■ What you should do:
In the records below, begin at the line containing "this 1280×1280 image." and end at the line containing "this 1600×1066 image."; quote every line in that span exactly, including both boundary lines, and no others.

■ Entries shown:
+++++

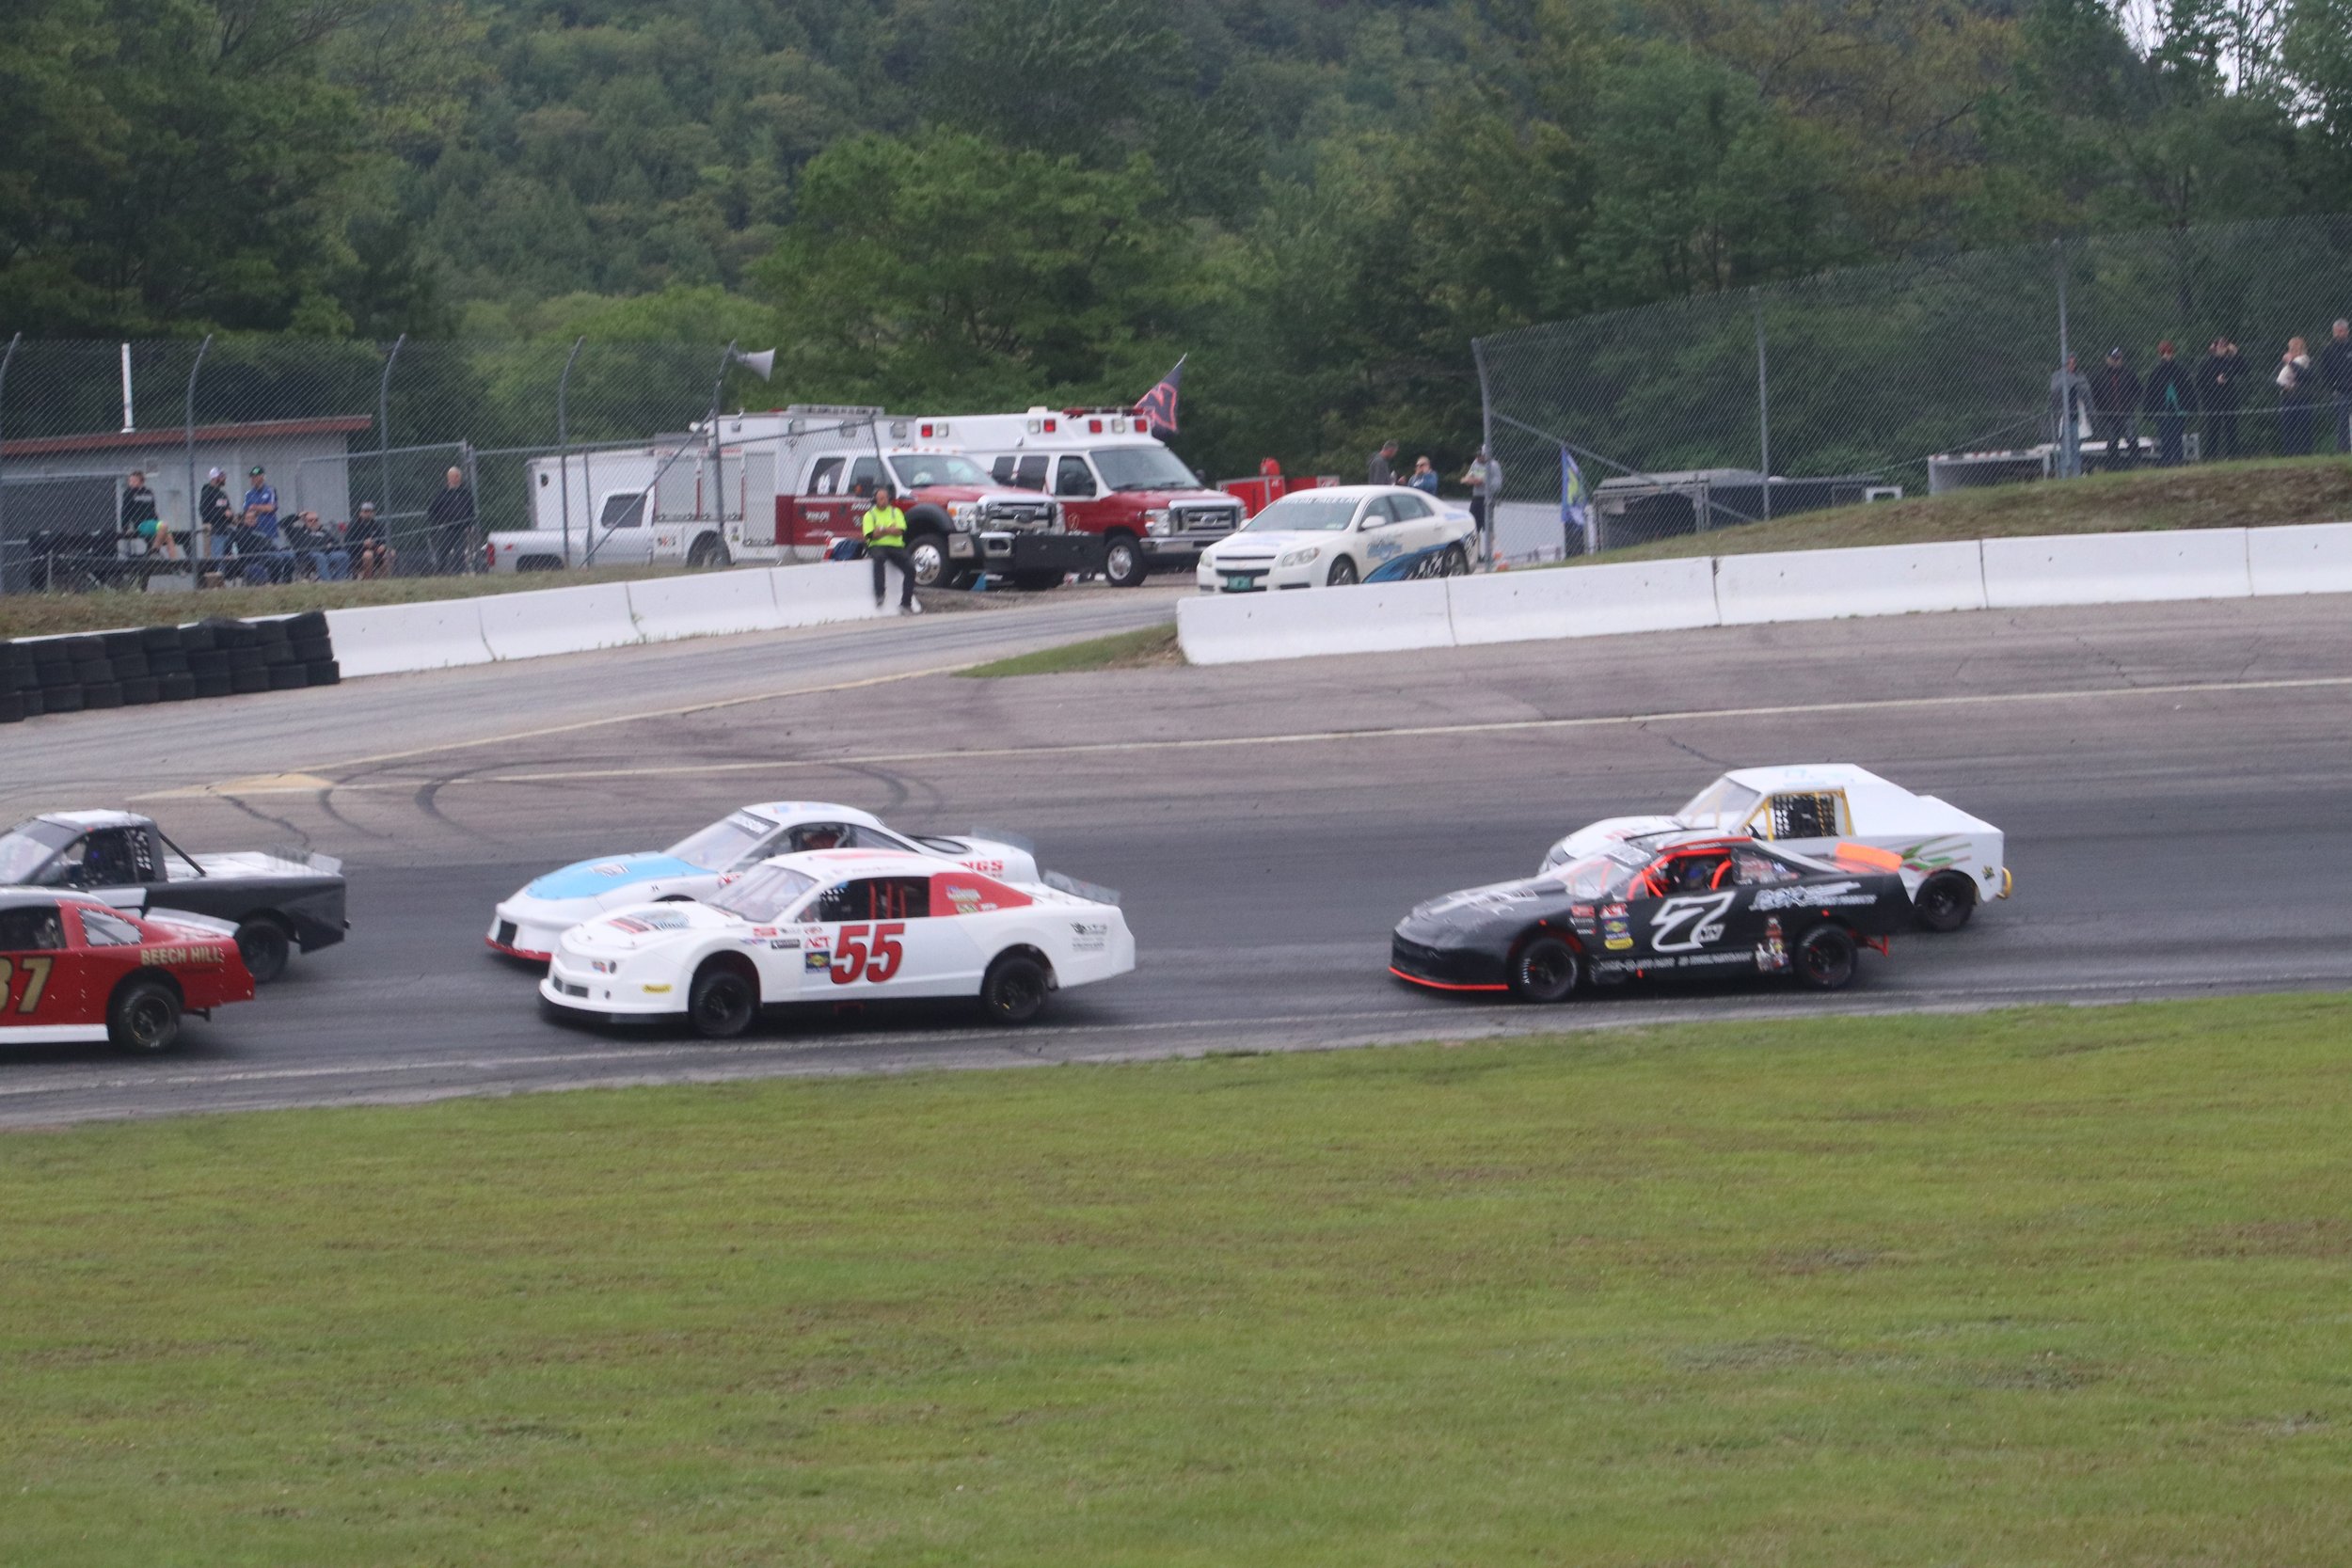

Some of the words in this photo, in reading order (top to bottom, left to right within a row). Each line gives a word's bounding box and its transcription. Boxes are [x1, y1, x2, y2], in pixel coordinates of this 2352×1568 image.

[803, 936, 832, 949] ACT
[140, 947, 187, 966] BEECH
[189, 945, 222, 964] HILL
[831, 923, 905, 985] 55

+++++

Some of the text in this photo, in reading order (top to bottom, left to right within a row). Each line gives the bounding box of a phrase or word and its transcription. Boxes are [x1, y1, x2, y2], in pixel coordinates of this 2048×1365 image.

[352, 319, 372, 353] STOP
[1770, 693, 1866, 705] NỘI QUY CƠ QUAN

+++++

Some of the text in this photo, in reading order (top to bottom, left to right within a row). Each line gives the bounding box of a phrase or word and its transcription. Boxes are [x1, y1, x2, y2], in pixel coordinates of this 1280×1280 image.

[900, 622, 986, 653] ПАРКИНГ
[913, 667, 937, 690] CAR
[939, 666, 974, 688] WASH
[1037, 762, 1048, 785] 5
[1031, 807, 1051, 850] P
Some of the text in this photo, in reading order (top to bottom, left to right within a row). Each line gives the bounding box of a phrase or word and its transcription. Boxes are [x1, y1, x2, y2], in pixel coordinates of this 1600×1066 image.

+++++

■ Result of this task:
Some of the text in this photo, in reading order (top to bottom, left to right within a row). Each line gives the bounding box of a phrase or word and its transcription. Boxes are [x1, y1, x2, y2], in pixel coordinates of this 1280×1280 image.

[900, 622, 986, 653] ПАРКИНГ
[913, 667, 937, 690] CAR
[939, 666, 974, 688] WASH
[1037, 762, 1048, 785] 5
[1031, 807, 1051, 850] P
Some of the text in this photo, in reading order (top to bottom, left to right within a row). Each line gives the bounding box of a phrase or word and its transcription. Boxes are [x1, y1, x2, y2], in pixel coordinates of this 1600×1066 image.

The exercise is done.